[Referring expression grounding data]

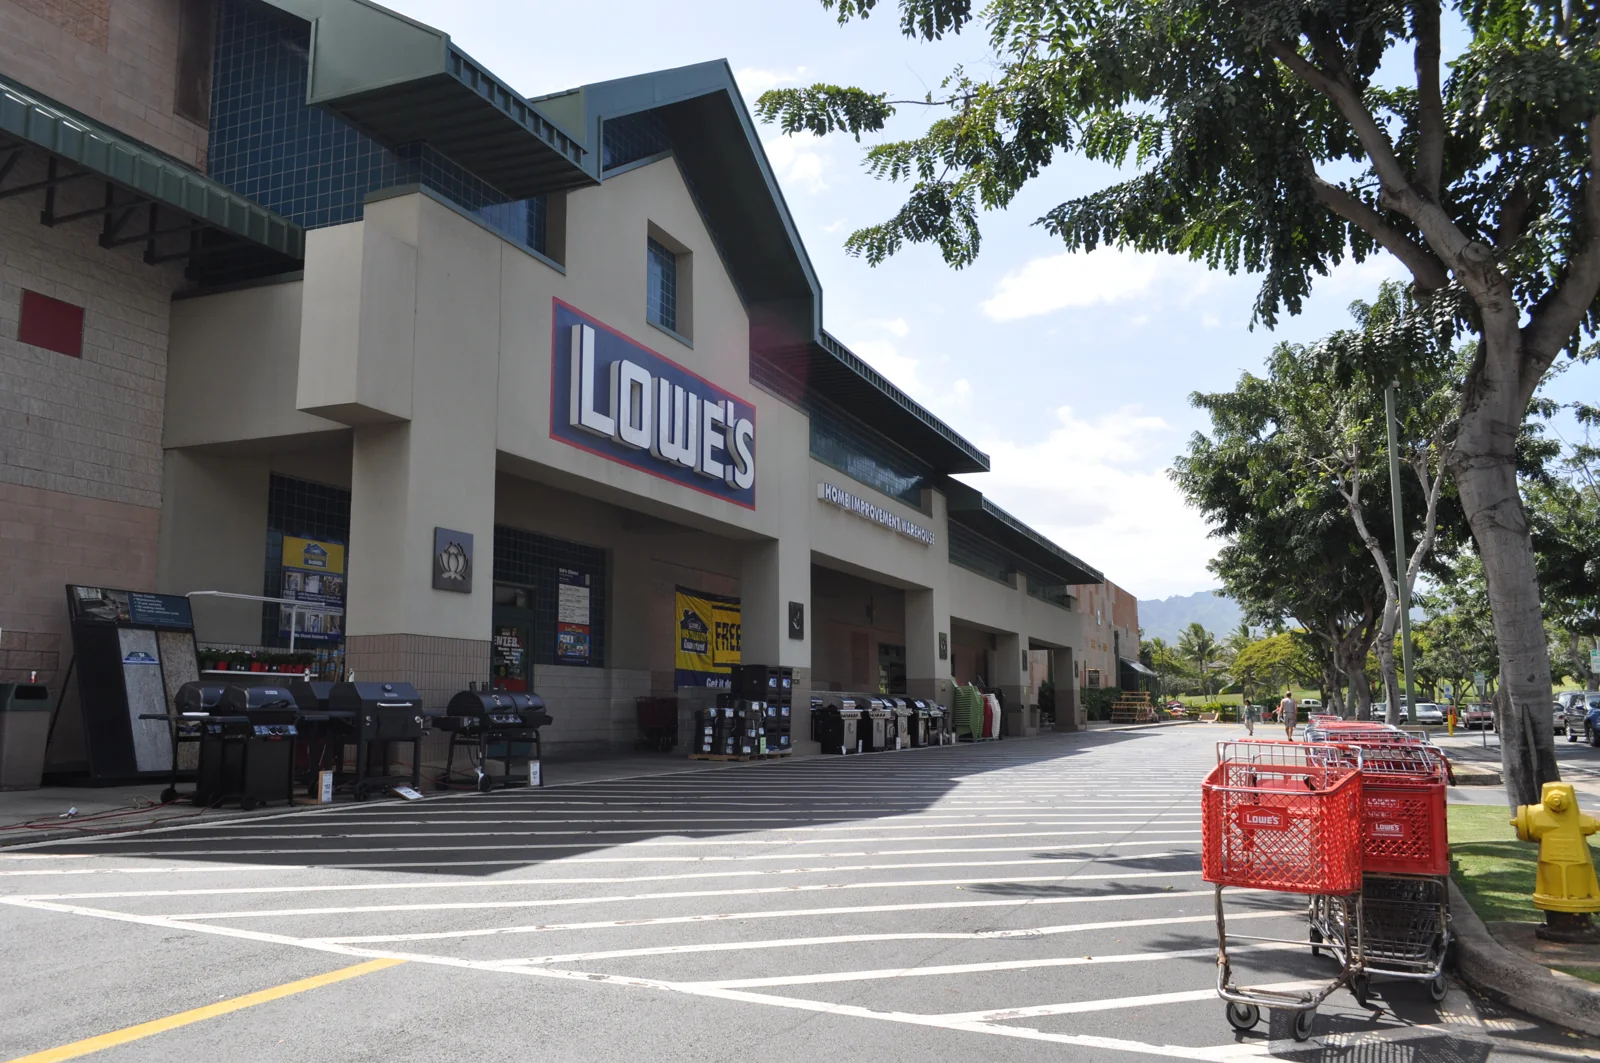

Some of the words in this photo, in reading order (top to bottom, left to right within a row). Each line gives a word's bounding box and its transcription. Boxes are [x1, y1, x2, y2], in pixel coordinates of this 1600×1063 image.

[570, 324, 754, 490] LOWE'S
[825, 483, 849, 508] HOME
[851, 495, 901, 531] IMPROVEMENT
[901, 518, 935, 545] WAREHOUSE
[706, 677, 718, 688] Get
[1246, 813, 1280, 825] LOWE'S
[1375, 823, 1400, 831] LOWE'S

# What is required
All the records need to be retyped word for word, except for the pictures.

# Task answer
Some of the words in this photo, in reading order (top to bottom, left to right within a row). Each line gives a word's bounding box and its transcription. Boxes are [x1, y1, x2, y2], in pixel coordinates of this 1600×1063 image.

[570, 324, 754, 490] LOWE'S
[825, 483, 849, 508] HOME
[851, 495, 901, 531] IMPROVEMENT
[901, 518, 935, 545] WAREHOUSE
[706, 677, 718, 688] Get
[1246, 813, 1280, 825] LOWE'S
[1375, 823, 1400, 831] LOWE'S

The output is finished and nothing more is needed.